# Salamanders Army- Very Pic Heavy



## odinsgrandson (Jun 9, 2009)

This is an army that I painted over the course of quite a few sessions.

For this force, we went with a sort of combined interpretation for Salamander skin- they have an African skin tones with the yellow hair that older Salamanders have had, but not the drow skin or eyes that some of them have.

The force was started before the more recent wave of Salamanders. The skin tone and hair colors clearly changed back and forth as the fluff has been developed (and maybe some of the 'Eavy Metal painters didn't get the memo).
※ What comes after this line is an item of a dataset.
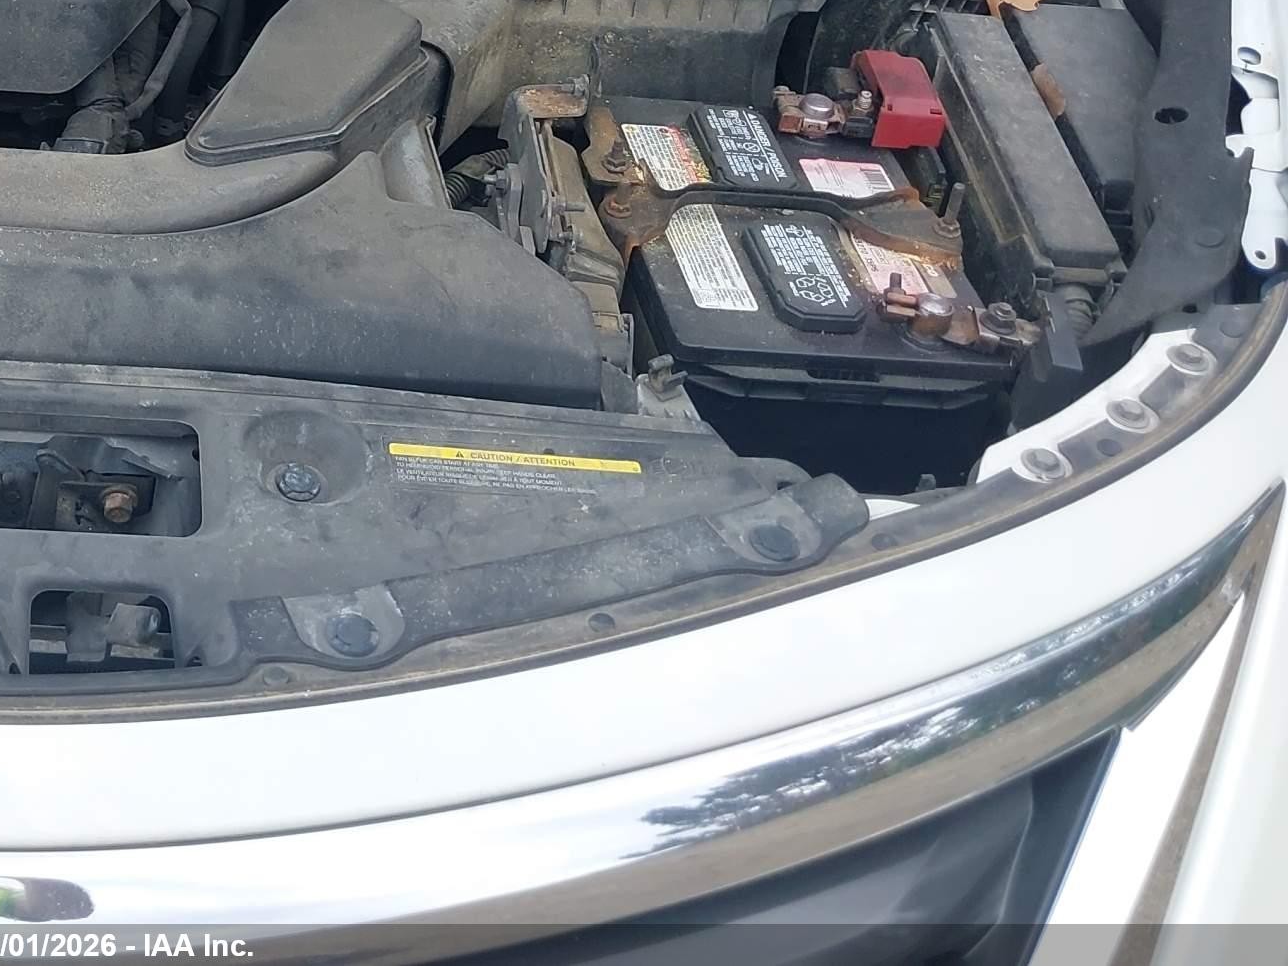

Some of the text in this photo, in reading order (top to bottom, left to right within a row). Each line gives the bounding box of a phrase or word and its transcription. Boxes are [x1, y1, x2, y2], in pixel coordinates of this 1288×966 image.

Also, on the fire you'll notice that the flames that are painted on to represent artwork are largely done backwards (as hotrod flames often are). I did do the correct lighting on any of the actual flames the minis are displaying.

Anyway, here's pictures of the force, all in one place:


----------



## DelvarusThePitFighter (Aug 31, 2015)

Love that first Dread! Tbh I'm not overly keen on that He'stan though, he just looks sort of unfinished if you don't mind me saying


----------



## Tyriks (Dec 9, 2015)

Very nicely done! The attention to detail is very nice - lots of tiny bits of battle damage and such. Looks great!


----------



## Battman (Nov 2, 2012)

Looks very nice, its bery clean work with that great magma effect on a lot of the models that certainly comes out nicely. Well done.


----------



## Gorthol (Dec 16, 2015)

Very nice work @odinsgrandson :biggrin:

Really like your dreads! 

Not usually a fan a battle damage but you make it work!


----------



## odinsgrandson (Jun 9, 2009)

Thanks.

There are some tricks to getting battle damage to work right, and I'm glad that you like them.


----------



## Goochman70 (Jan 10, 2012)

Awesome army, the blood of Vulkan flows through your veins. 

Brother G

Sent from my SGH-T889 using Tapatalk


----------



## wide_ocean (Dec 14, 2011)

Lovely work on these.
Out of pure curiosity, wow long would you say it takes you to complete something like say, a space marine, from unboxing to the last brushstroke?


----------